Kasha Nabagesera has walked the rough path many would have surrendered, fighting for justice for the members of the Lesbian, Gay, Bisexual, Transgender and Intersex (LGBTI) community in Uganda.
Nabagesera is the founder of the LGBTI rights organization in Uganda, the Freedom & Roam Uganda (FARUG), which she started at the age of 19 years in 1999. She has publicly campaigned for an end to homophobia in Uganda, where homosexuality is illegal and seen as taboo. Under FARUG, Nabagasera has continued to fight for gay rights challenging the Uganda Anti-Homosexuality Bill, geared to impose stiff sentences ranging from prison sentences to the death penalty.
The fight wasn’t easy. But she won.
Amnesty International believes that all people, regardless of their sexual orientation or gender identity, should be able to enjoy their human rights. Although the Universal Declaration of Human Rights does not explicitly mention sexual orientation or gender identity, evolving conceptions of international human rights law include a broad interpretation to include the rights and the protection of the rights of LGBTI people around the world.
The activist has faced harassment, she has been subjected to discriminatory practices from community members due to her activism. She has been repeatedly evicted from rented homes because her neighbors don’t condone her sexuality. The fear of being attacked by a mob, stopped her from using the public transport or freely walking in the streets alone, but this could not deter her from fighting for the rights of the LGBTI community.
According to her organization, in 2010, Nabagesera opened the only Ugandan bar for LGBT people; named Sappho Islands, the bar was situated in a suburb of Kampala and later closed in 2011 following pressure from the government and communities around.
Growing up gay in a hostile environment
Nabagesera was born 12 April 1980 in Kampala, Uganda, to Prince Albert Walugembe Musoke, who was an economist and officer of the Bank of Uganda and her mother, Julie Viola Katantazi Musoke was among the first computer programmers in Uganda.
CNN reported that at the age of 13 she started writing love letters to girls in her school, and she brushed shoulders with the school administration.
The letters would bring her to trouble with the school administration and at some point she got expelled from various schools as her sexuality was seen as something unacceptable.
At university, the troubles persisted, and her parents had to intervene for her to be able to finish her education.
Pioneer of the Uganda’s LGBTI rights movement
At the age of 19 in 1999 Nabagesera formed Uganda’s sole LGBTI rights movement the Freedom and Roam Uganda (FARUG) a Lesbian, Gay, Bisexual, Transgender and Intersex (LGBTI) organization to continue fighting for the lesbians who were constantly being harassed, insulted and discriminated by society.
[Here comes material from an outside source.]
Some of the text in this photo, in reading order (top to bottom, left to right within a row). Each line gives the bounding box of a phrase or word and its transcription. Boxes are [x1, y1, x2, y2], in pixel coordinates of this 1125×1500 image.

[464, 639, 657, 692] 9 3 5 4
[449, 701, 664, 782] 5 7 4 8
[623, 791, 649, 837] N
FARUG is one of the oldest organizations in Uganda that works on sexual orientation and gender identity/expression through lobbying, dialogue, and visibility.
For the last 10 years, FARUG has developed and implemented interventions in Uganda. FARUG is committed to addressing every day challenges for the protection and promotion of human rights for LBT women in Uganda in the face of gender and sexual based violence, abuse, rights violations and poverty among others.
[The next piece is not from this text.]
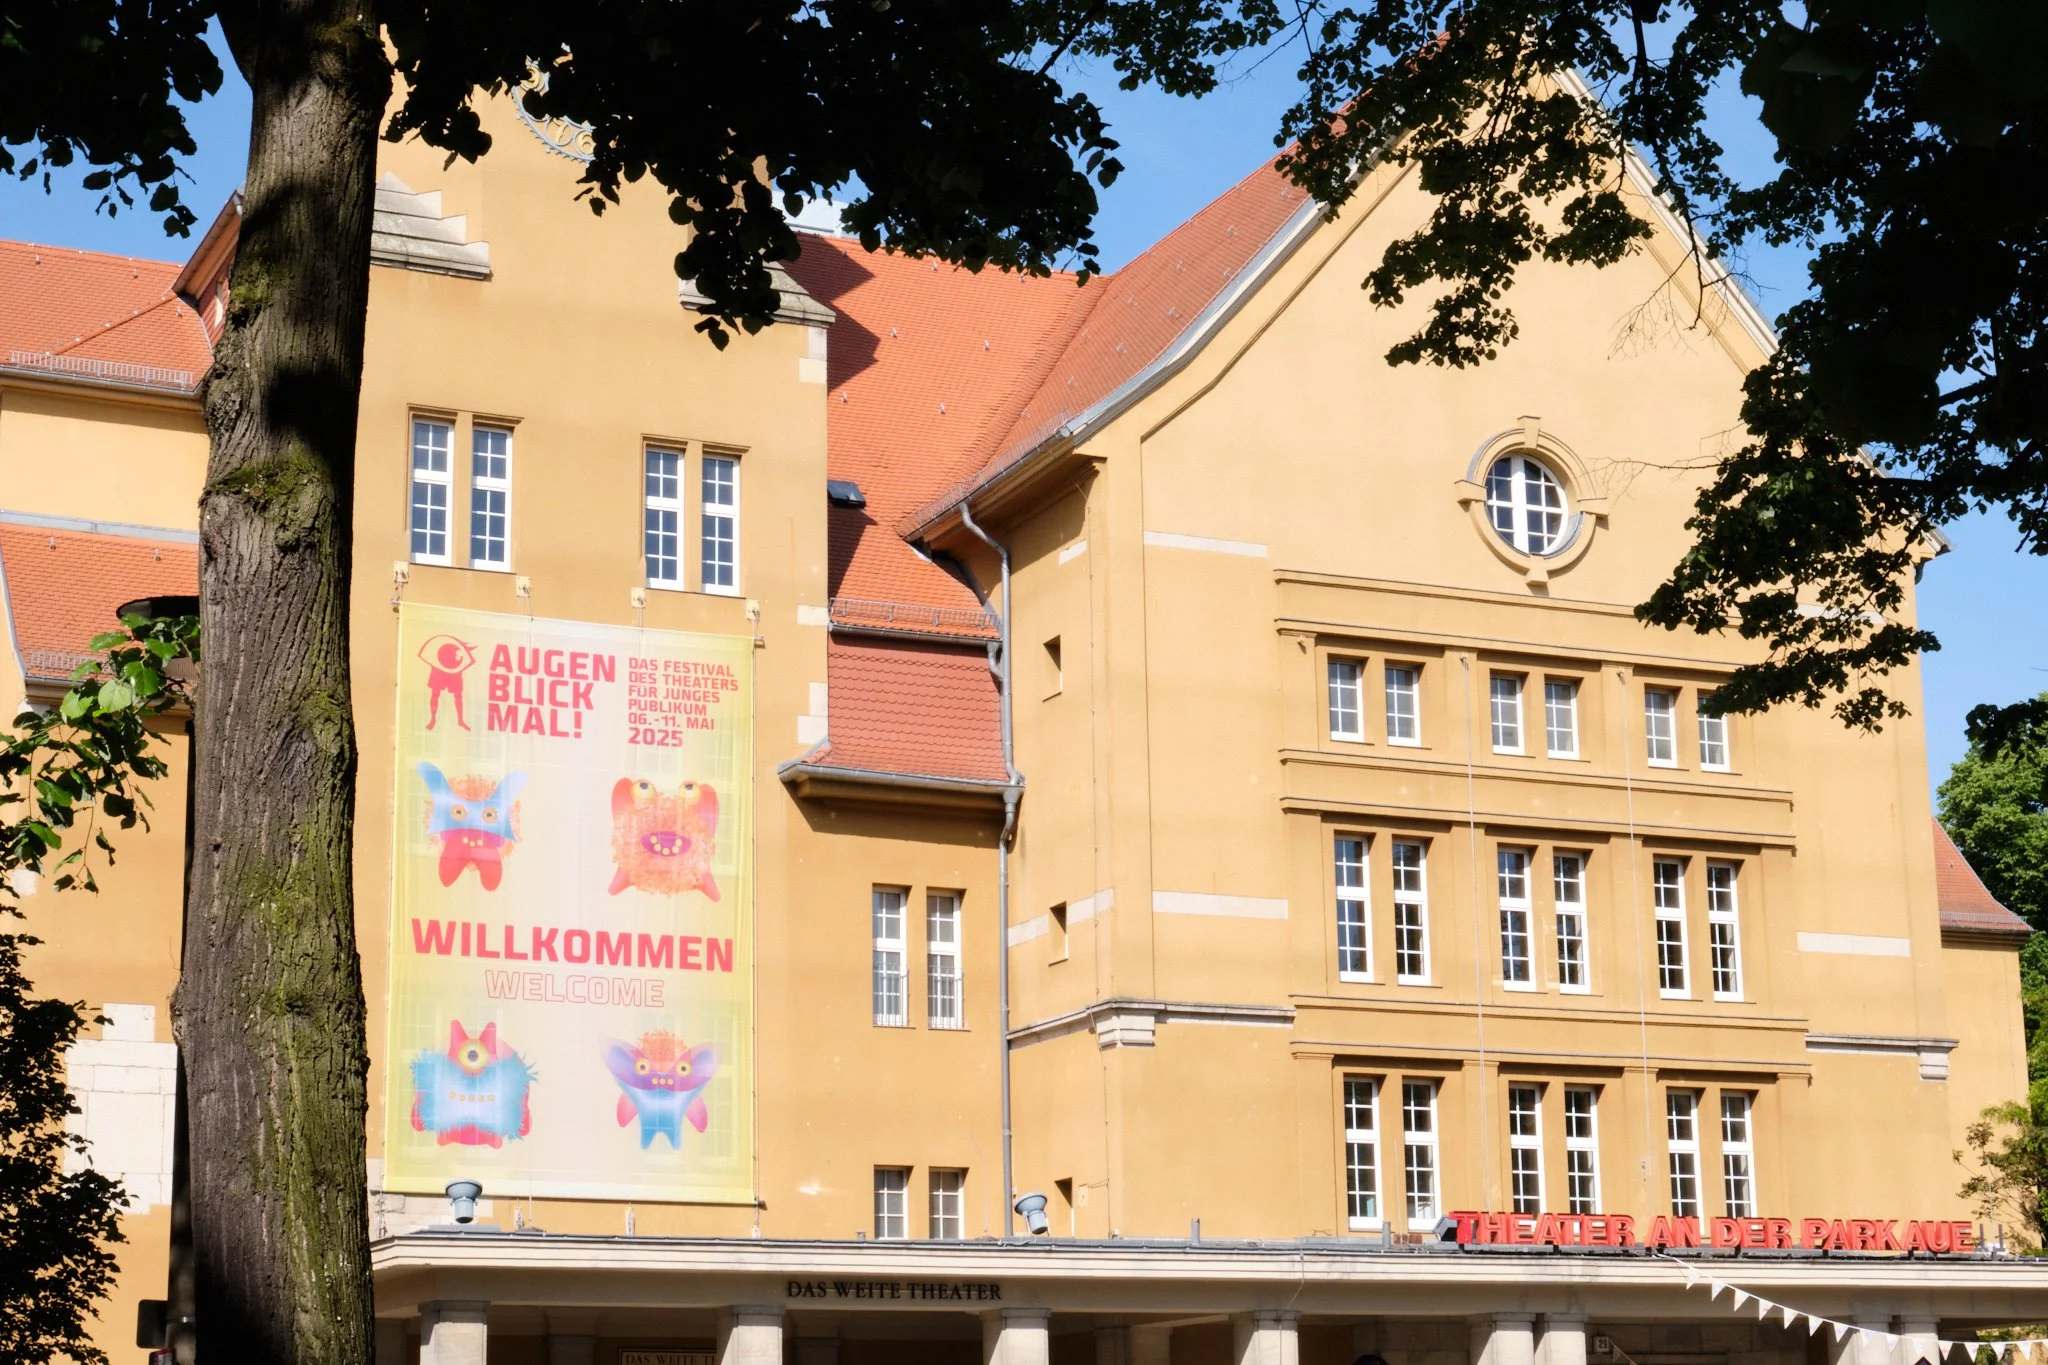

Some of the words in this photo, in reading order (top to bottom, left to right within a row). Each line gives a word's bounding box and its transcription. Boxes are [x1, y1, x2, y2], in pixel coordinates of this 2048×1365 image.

Recognition of Kasha Nabagesera’s work
Through her continued fighting for the LGBTI rights, Nabagesera has received several prestigious awards, including the 2011 Martin Ennals Award for Human Rights Defenders, the 2013 Nuremberg International Human Rights Awards and the 2015 Right Livelihood Award.
Through her fight, she said “I have seen an increase in the number of Ugandan LGBT activists, an open of its first LGBT health clinic in Kampala and people can now walk freely for medical advice, without fearing ridicule or being arrested”.
Nabagesera has been bold for change as the theme for IWD 2017 calls on everyone, to help forge a better working world – a more gender inclusive world #BeBoldForChange.